- DESCRIPTION OF THE TASK
Your job here is to restate every record exactly, pictures excluded.

[Stored records]
- - -
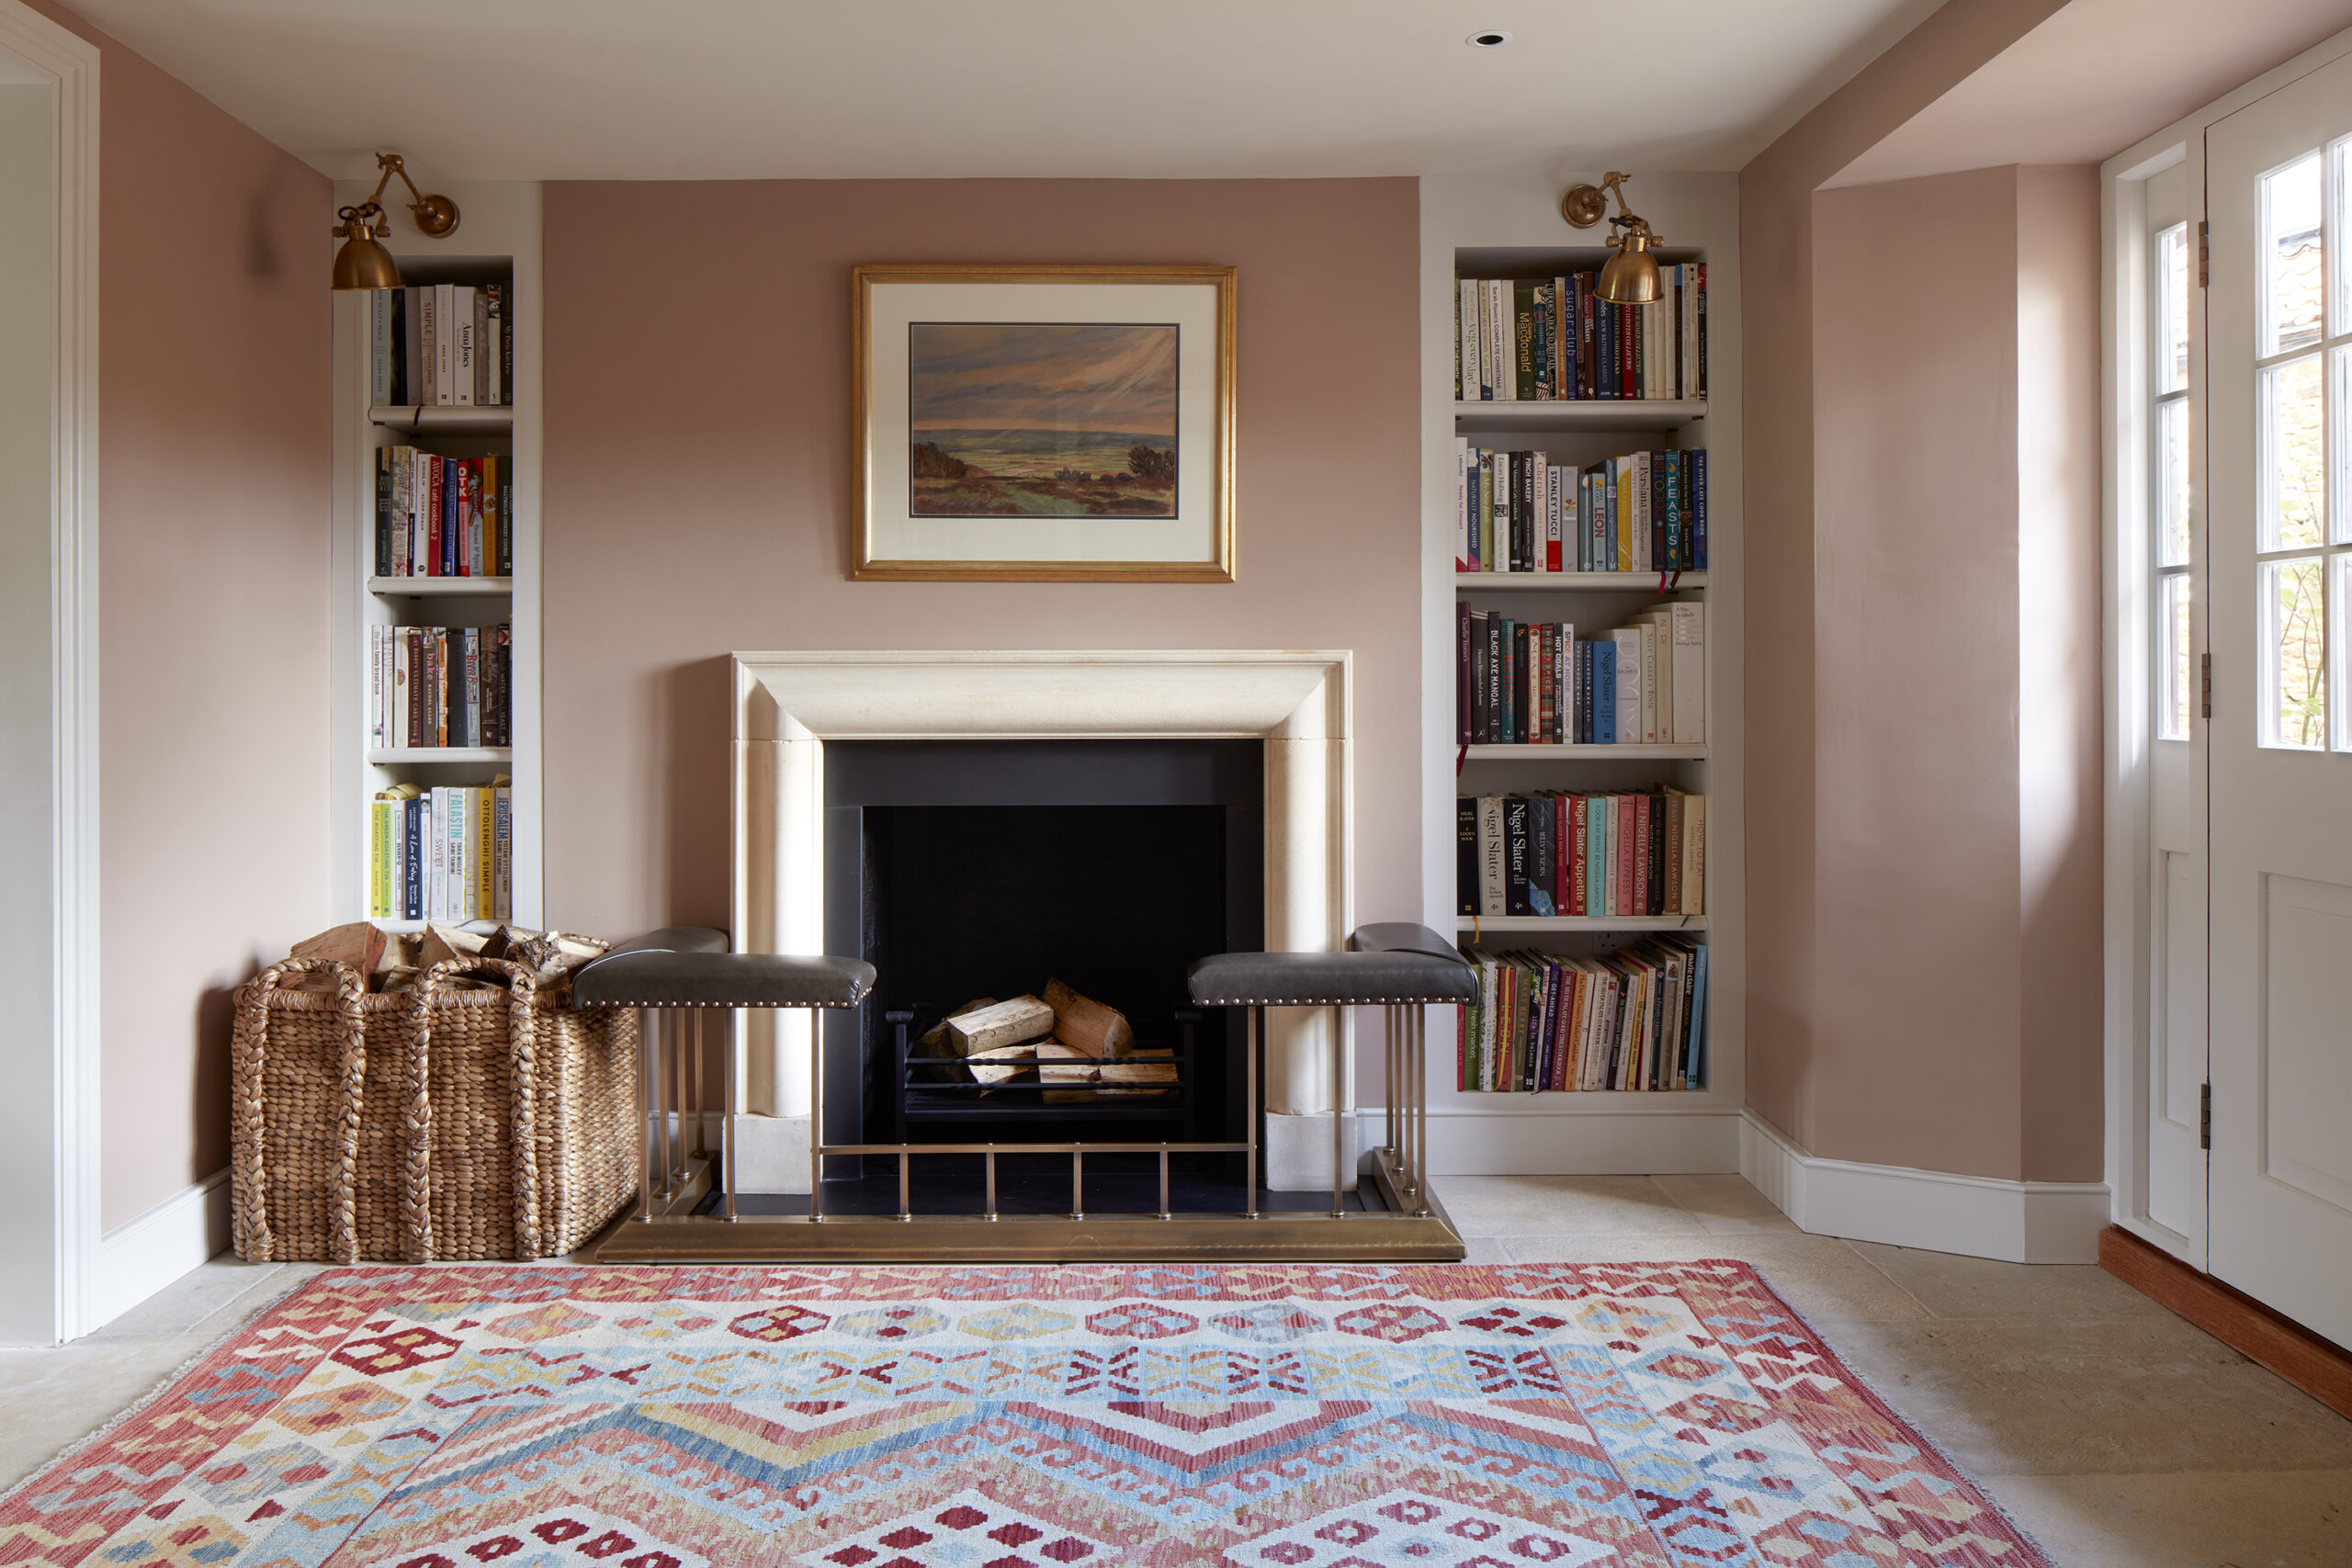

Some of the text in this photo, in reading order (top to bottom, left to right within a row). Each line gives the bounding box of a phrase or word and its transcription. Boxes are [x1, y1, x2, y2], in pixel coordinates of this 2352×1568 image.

[424, 302, 432, 337] SIMPLE
[1466, 323, 1476, 343] veg
[1565, 290, 1576, 356] sugar club
[461, 323, 472, 367] Anna Jones
[1468, 343, 1476, 367] every
[1520, 312, 1531, 372] Macdonald
[431, 461, 440, 486] AVOCA
[458, 467, 467, 497] OTK
[1497, 477, 1505, 503] Hollweg
[1640, 467, 1649, 508] Persiana
[1594, 508, 1604, 537] LEON
[1668, 477, 1678, 545] FEASTS
[466, 654, 477, 675] BAKER
[1503, 642, 1514, 705] GREENS
[1565, 656, 1571, 667] AT
[1601, 652, 1612, 701] Nigel Slater
[450, 794, 463, 838] FALASTIN
[498, 797, 509, 839] JERUSALEM
[1638, 816, 1646, 854] NIGELLA
[1509, 804, 1526, 873] Nigel Slater
[1575, 801, 1585, 902] Nigel Slater Appetite
[1697, 847, 1703, 858] TO
[1489, 841, 1501, 880] Slater
[1519, 978, 1529, 1034] MARY BERRY
[1549, 983, 1557, 1017] GET-AHEAD
- - -
- TASK OUTPUT
Some of the text in this photo, in reading order (top to bottom, left to right within a row). Each line gives the bounding box of a phrase or word and its transcription. Boxes are [x1, y1, x2, y2], in pixel coordinates of this 2352×1568 image.

[424, 302, 432, 337] SIMPLE
[1466, 323, 1476, 343] veg
[1565, 290, 1576, 356] sugar club
[461, 323, 472, 367] Anna Jones
[1468, 343, 1476, 367] every
[1520, 312, 1531, 372] Macdonald
[431, 461, 440, 486] AVOCA
[458, 467, 467, 497] OTK
[1497, 477, 1505, 503] Hollweg
[1640, 467, 1649, 508] Persiana
[1594, 508, 1604, 537] LEON
[1668, 477, 1678, 545] FEASTS
[466, 654, 477, 675] BAKER
[1503, 642, 1514, 705] GREENS
[1565, 656, 1571, 667] AT
[1601, 652, 1612, 701] Nigel Slater
[450, 794, 463, 838] FALASTIN
[498, 797, 509, 839] JERUSALEM
[1638, 816, 1646, 854] NIGELLA
[1509, 804, 1526, 873] Nigel Slater
[1575, 801, 1585, 902] Nigel Slater Appetite
[1697, 847, 1703, 858] TO
[1489, 841, 1501, 880] Slater
[1519, 978, 1529, 1034] MARY BERRY
[1549, 983, 1557, 1017] GET-AHEAD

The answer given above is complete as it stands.